Recent introductions include the Zevia range of sugar-free carbonates sweetened with stevia and promoted on a natural sweetening platform, Steaz Diet Sparkling Green Tea, Virgil’s Diet Root Beer and Genuine Health’s Satisfiber+ Express Fiber Bar.

These are all positioned as dietary supplements, as are a number of what are effectively tabletop sweeteners, although they are not allowed to be marketed as such. These include the Sweete Natural Stevia Sweetener, which uses two stevia components — stevioside and the steviol glycoside Rebaudioside A.

More interesting still perhaps is the move by mainstream soft drinks companies into the stevia arena, with joint ventures between Coca-Cola and Cargill and PepsiCo and Whole Earth Sweetener Co (part of Merisant) moving to declare self-affirmed GRAS (generally recognised as safe) status for Reb-A, one of stevia’s sweetest components and use it as a beverage ingredient and in tabletop sweeteners in the US.

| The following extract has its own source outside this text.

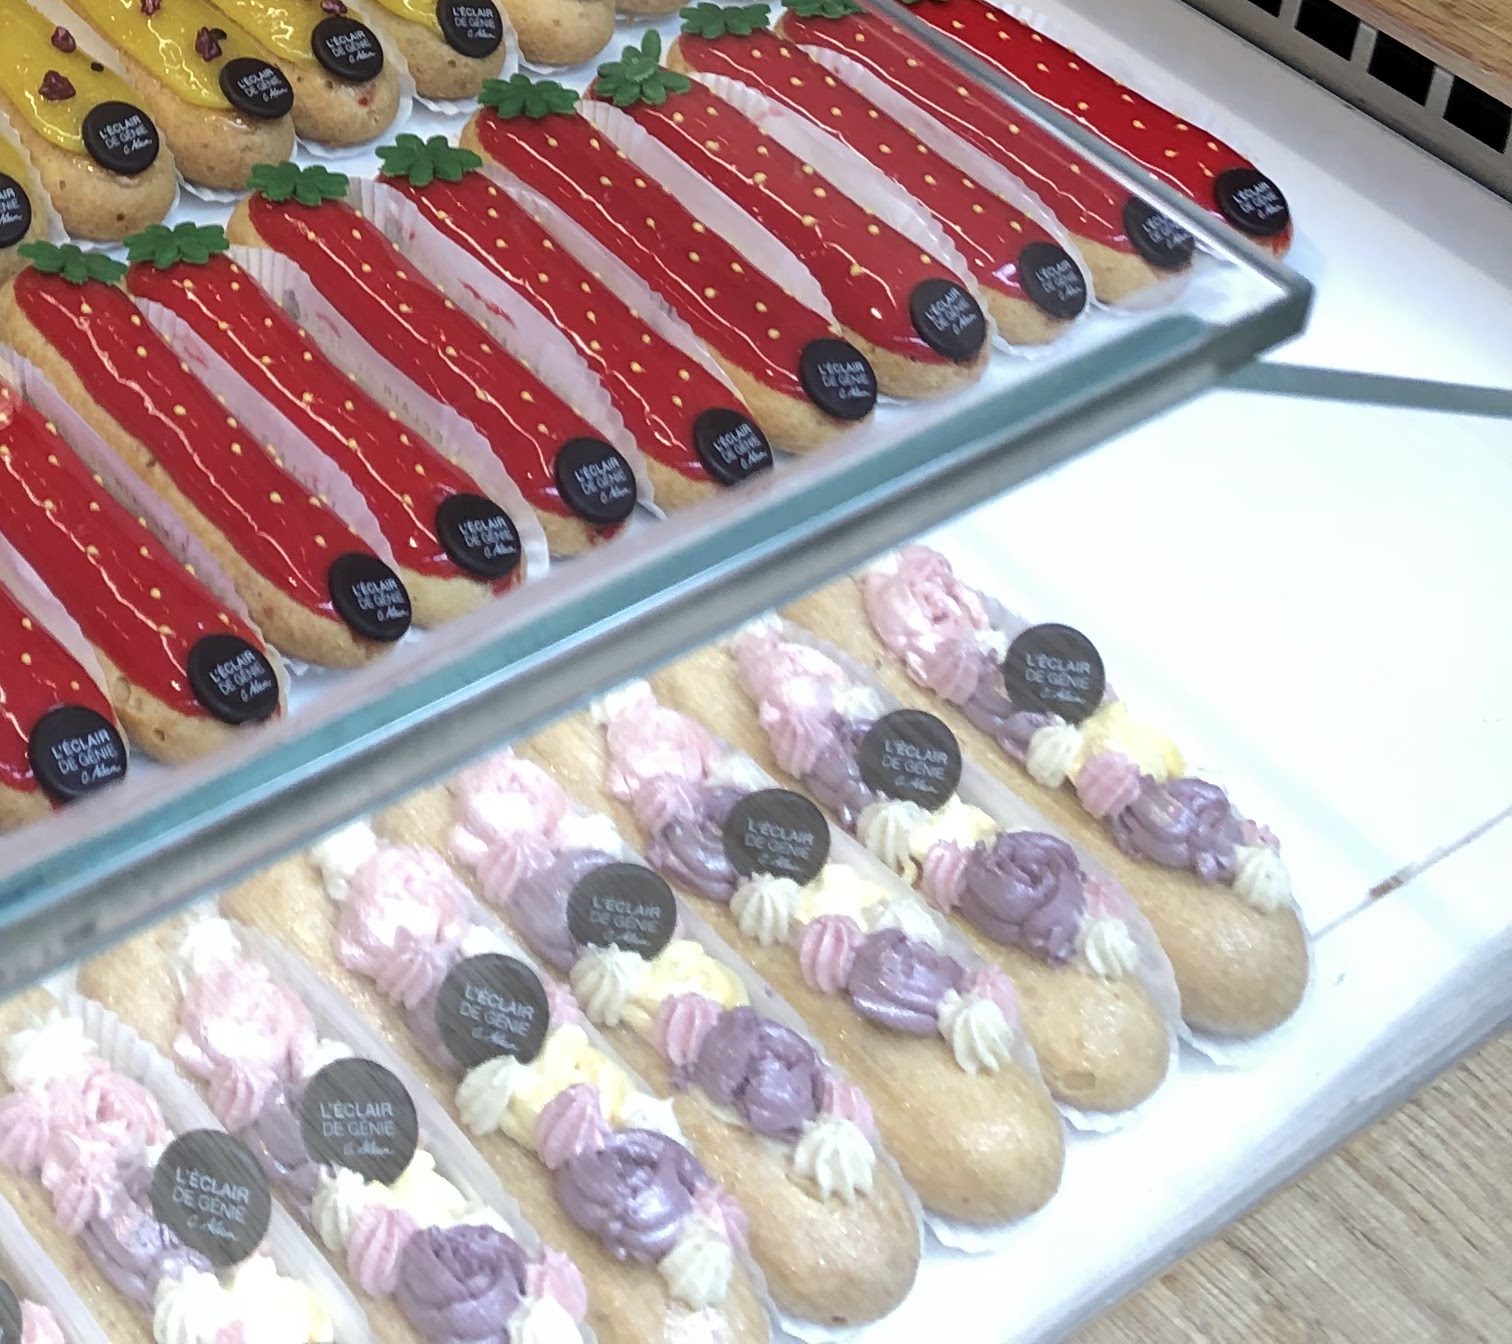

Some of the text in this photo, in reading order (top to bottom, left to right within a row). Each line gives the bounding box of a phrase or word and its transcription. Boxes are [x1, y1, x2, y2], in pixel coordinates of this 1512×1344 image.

[454, 18, 467, 27] DE
[330, 47, 344, 57] DE
[103, 135, 118, 147] DE

The Coke-Cargill product is called rebiana and uses the brand Truvia, while PepsiCo and Whole Earth’s product is marketed as PureVia.

The first mainstream soft drinks company to launch a range of drinks sweetened with stevia was PepsiCo, with the August 2008 launch of a fortified water range under the SoBe Life name. Initially launched in Peru, the product is expected to be launched across Latin America, another region where stevia is permitted.

Brazil has also seen some product activity using stevia, but in more specialist products, such as the Matte Leo Cha Mate tea mix in natural and guarana flavours, and actually using the Stevia name for its Stevia Plus Gelatina Light light jelly mix in a range of fruit flavours.

“Despite the high levels of interest, this has yet to be reflected in radical growth in the overall number of product launches using stevia,” said Williams.

“Numbers recorded by Innova have remained relatively static globally over the past three years at between 120 and 135.

“There is clearly demand for a new sweetener with a natural positioning in many quarters, not least the carbonated soft drinks industry, and it is pressure from this area that may result in the market being opened up to a whole new generation of products in new geographical areas.”